Scotland name 40 man November Test squad, including three uncapped players
Scotland have been boosted by the return of key players for their November internationals, including Jonny Gray, Greig Laidlaw, Finn Russell and Tommy Seymour.
Gregor Townsend was without a number of high-profile stars for the June Tests against Canada, United States – who they became the first tier-one nation to lose to – and Argentina due to planned rest and injuries.
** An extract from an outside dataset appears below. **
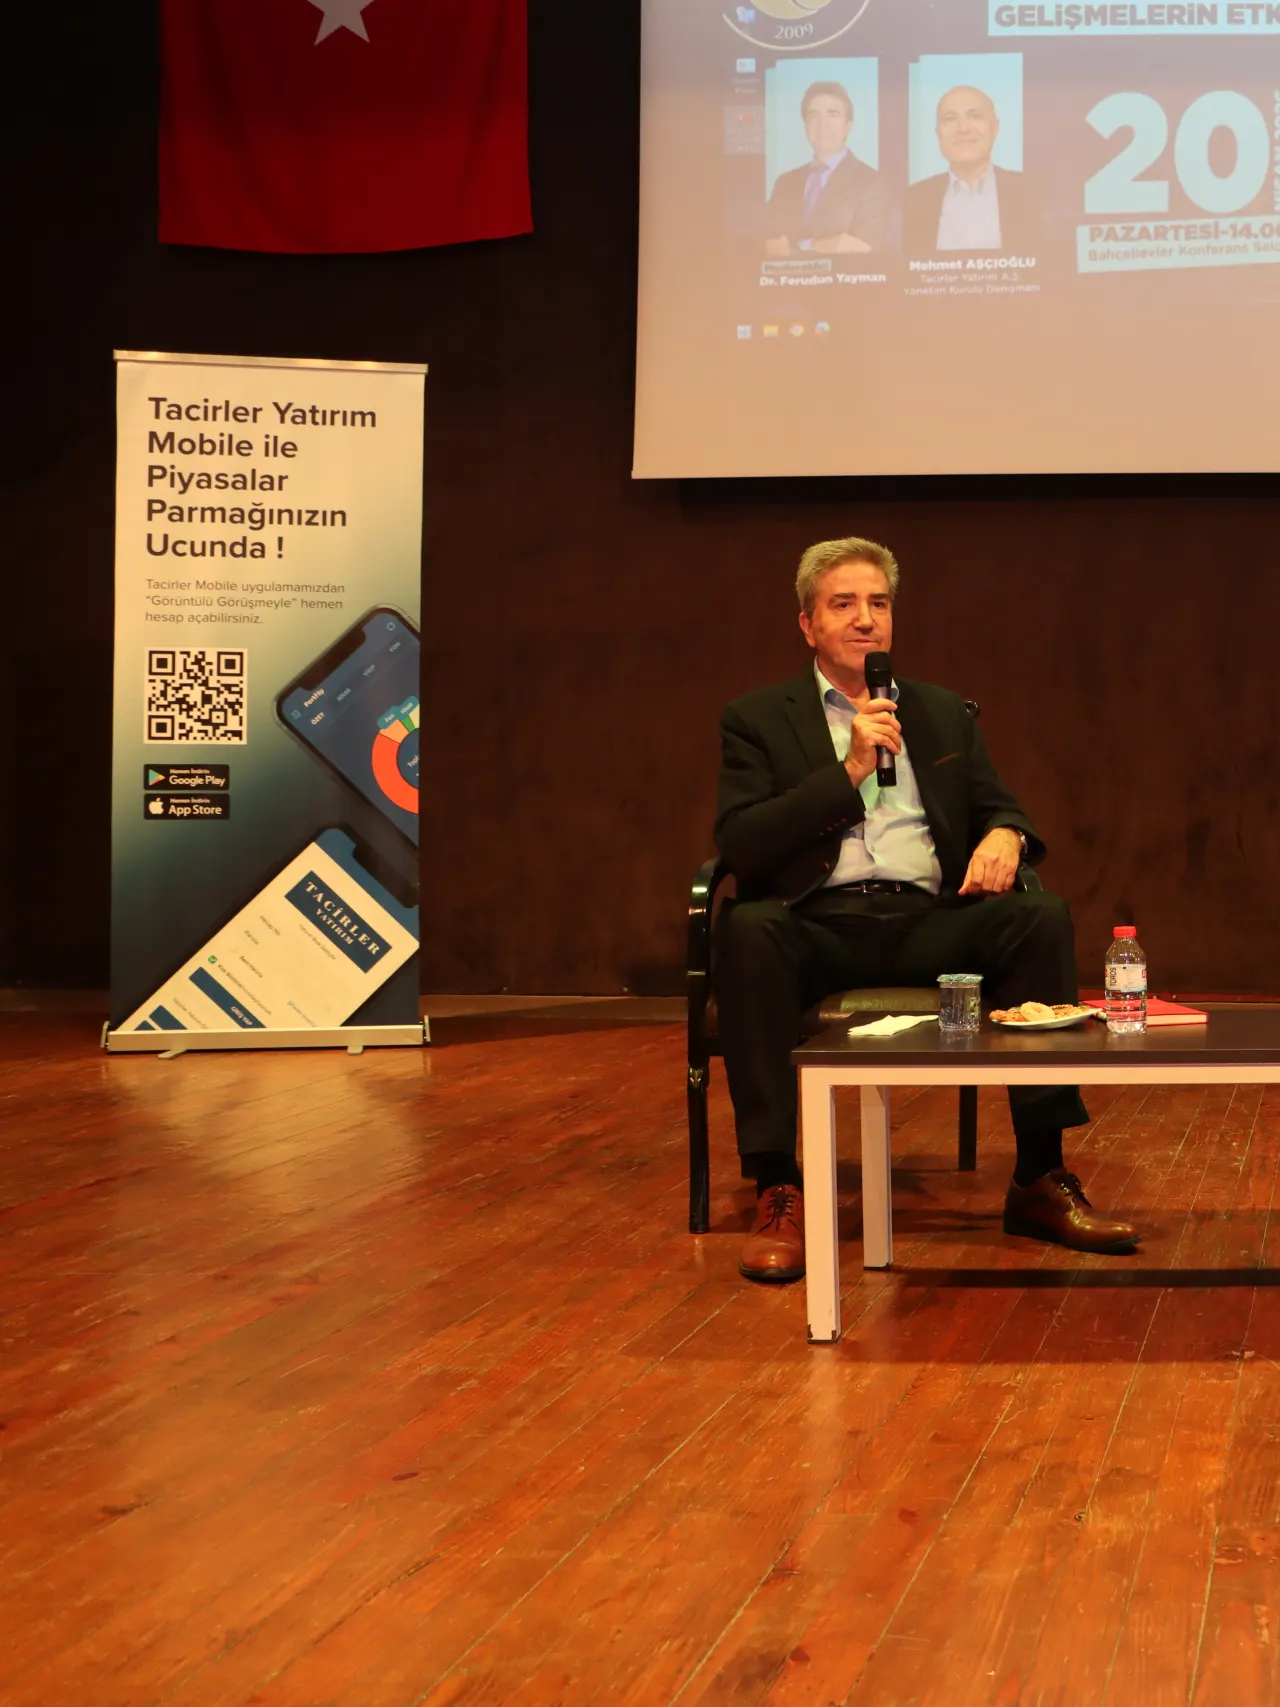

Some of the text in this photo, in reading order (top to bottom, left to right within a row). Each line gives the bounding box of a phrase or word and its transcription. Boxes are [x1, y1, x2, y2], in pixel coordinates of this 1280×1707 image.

Alex Dunbar, Huw Jones, Sean Maitland, WP Nel, Gordon Reid, Ryan Wilson and Hamish Watson have also been recalled to a 40-man Scotland squad named by Townsend.
Scotland take on Wales on November 3, before home Tests against Fiji, South Africa and Argentina.
Townsend said in a statement: “We now begin the last 12 months of our preparations for Rugby World Cup 2019 with four Test matches in four weeks, a similar challenge to the one we’ll face in Japan.
“We’ve named a 40-man group for this campaign, which highlights the quality of player that is now available to us and the competition for places.
“It also enables us to welcome more players into our training environment and hopefully give a few more players a taste of Test match rugby.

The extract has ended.